▶ [WORK TO COMPLETE] Write out the data again in full, keeping every character the same.

Saved entries:
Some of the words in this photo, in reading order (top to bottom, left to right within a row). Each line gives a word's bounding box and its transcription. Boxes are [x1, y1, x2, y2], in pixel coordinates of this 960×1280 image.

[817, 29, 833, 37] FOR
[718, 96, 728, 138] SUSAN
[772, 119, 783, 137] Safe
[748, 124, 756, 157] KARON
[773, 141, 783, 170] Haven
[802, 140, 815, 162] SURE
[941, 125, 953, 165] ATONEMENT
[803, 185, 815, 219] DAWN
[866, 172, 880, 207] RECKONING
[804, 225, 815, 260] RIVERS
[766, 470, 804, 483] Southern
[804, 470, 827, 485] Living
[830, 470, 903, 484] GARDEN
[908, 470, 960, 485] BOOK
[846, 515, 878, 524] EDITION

▶ [RESPONSE BELOW]
Some of the words in this photo, in reading order (top to bottom, left to right within a row). Each line gives a word's bounding box and its transcription. Boxes are [x1, y1, x2, y2], in pixel coordinates of this 960×1280 image.

[817, 29, 833, 37] FOR
[718, 96, 728, 138] SUSAN
[772, 119, 783, 137] Safe
[748, 124, 756, 157] KARON
[773, 141, 783, 170] Haven
[802, 140, 815, 162] SURE
[941, 125, 953, 165] ATONEMENT
[803, 185, 815, 219] DAWN
[866, 172, 880, 207] RECKONING
[804, 225, 815, 260] RIVERS
[766, 470, 804, 483] Southern
[804, 470, 827, 485] Living
[830, 470, 903, 484] GARDEN
[908, 470, 960, 485] BOOK
[846, 515, 878, 524] EDITION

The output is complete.